### SUPPLIED MATERIAL
== Segment start ==
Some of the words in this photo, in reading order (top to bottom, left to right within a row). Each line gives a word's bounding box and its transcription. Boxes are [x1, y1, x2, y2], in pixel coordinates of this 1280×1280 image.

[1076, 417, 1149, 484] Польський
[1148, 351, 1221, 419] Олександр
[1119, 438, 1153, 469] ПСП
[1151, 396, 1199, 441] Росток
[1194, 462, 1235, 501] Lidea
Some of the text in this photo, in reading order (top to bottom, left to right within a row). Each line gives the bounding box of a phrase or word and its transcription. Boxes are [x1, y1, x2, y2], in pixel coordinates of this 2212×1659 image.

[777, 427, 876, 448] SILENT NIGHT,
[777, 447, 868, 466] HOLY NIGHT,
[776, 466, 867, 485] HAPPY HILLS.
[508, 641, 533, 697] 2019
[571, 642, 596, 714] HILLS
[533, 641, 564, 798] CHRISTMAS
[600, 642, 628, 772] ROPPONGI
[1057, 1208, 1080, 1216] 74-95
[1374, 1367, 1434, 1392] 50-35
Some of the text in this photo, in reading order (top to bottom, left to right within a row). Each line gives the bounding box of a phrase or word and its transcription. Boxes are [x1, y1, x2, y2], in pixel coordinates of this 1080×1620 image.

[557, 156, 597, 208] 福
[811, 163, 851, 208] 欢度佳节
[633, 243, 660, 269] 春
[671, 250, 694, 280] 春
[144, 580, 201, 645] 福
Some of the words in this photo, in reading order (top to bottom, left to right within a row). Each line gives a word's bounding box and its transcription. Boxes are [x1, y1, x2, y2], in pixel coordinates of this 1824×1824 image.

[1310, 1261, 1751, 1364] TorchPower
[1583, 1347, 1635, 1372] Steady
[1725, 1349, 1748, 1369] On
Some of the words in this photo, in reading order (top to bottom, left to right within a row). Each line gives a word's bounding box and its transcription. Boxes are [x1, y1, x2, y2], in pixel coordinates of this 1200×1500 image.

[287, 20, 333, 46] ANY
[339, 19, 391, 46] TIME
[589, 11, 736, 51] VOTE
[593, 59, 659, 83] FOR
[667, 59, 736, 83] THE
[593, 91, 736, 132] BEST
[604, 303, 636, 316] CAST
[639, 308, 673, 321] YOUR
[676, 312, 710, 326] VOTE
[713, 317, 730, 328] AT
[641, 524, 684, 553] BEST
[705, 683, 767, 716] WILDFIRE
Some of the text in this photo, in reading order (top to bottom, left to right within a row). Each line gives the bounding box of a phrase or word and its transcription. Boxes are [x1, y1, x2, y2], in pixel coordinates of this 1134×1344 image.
== Segment end ==
### ABOUT THIS TASK
What is needed is an exact, complete copy of the entries above.

### EXERCISE ANSWER
Some of the words in this photo, in reading order (top to bottom, left to right within a row). Each line gives a word's bounding box and its transcription. Boxes are [x1, y1, x2, y2], in pixel coordinates of this 1280×1280 image.

[1076, 417, 1149, 484] Польський
[1148, 351, 1221, 419] Олександр
[1119, 438, 1153, 469] ПСП
[1151, 396, 1199, 441] Росток
[1194, 462, 1235, 501] Lidea
Some of the text in this photo, in reading order (top to bottom, left to right within a row). Each line gives the bounding box of a phrase or word and its transcription. Boxes are [x1, y1, x2, y2], in pixel coordinates of this 2212×1659 image.

[777, 427, 876, 448] SILENT NIGHT,
[777, 447, 868, 466] HOLY NIGHT,
[776, 466, 867, 485] HAPPY HILLS.
[508, 641, 533, 697] 2019
[571, 642, 596, 714] HILLS
[533, 641, 564, 798] CHRISTMAS
[600, 642, 628, 772] ROPPONGI
[1057, 1208, 1080, 1216] 74-95
[1374, 1367, 1434, 1392] 50-35
Some of the text in this photo, in reading order (top to bottom, left to right within a row). Each line gives the bounding box of a phrase or word and its transcription. Boxes are [x1, y1, x2, y2], in pixel coordinates of this 1080×1620 image.

[557, 156, 597, 208] 福
[811, 163, 851, 208] 欢度佳节
[633, 243, 660, 269] 春
[671, 250, 694, 280] 春
[144, 580, 201, 645] 福
Some of the words in this photo, in reading order (top to bottom, left to right within a row). Each line gives a word's bounding box and its transcription. Boxes are [x1, y1, x2, y2], in pixel coordinates of this 1824×1824 image.

[1310, 1261, 1751, 1364] TorchPower
[1583, 1347, 1635, 1372] Steady
[1725, 1349, 1748, 1369] On
Some of the words in this photo, in reading order (top to bottom, left to right within a row). Each line gives a word's bounding box and its transcription. Boxes are [x1, y1, x2, y2], in pixel coordinates of this 1200×1500 image.

[287, 20, 333, 46] ANY
[339, 19, 391, 46] TIME
[589, 11, 736, 51] VOTE
[593, 59, 659, 83] FOR
[667, 59, 736, 83] THE
[593, 91, 736, 132] BEST
[604, 303, 636, 316] CAST
[639, 308, 673, 321] YOUR
[676, 312, 710, 326] VOTE
[713, 317, 730, 328] AT
[641, 524, 684, 553] BEST
[705, 683, 767, 716] WILDFIRE
Some of the text in this photo, in reading order (top to bottom, left to right within a row). Each line gives the bounding box of a phrase or word and its transcription. Boxes are [x1, y1, x2, y2], in pixel coordinates of this 1134×1344 image.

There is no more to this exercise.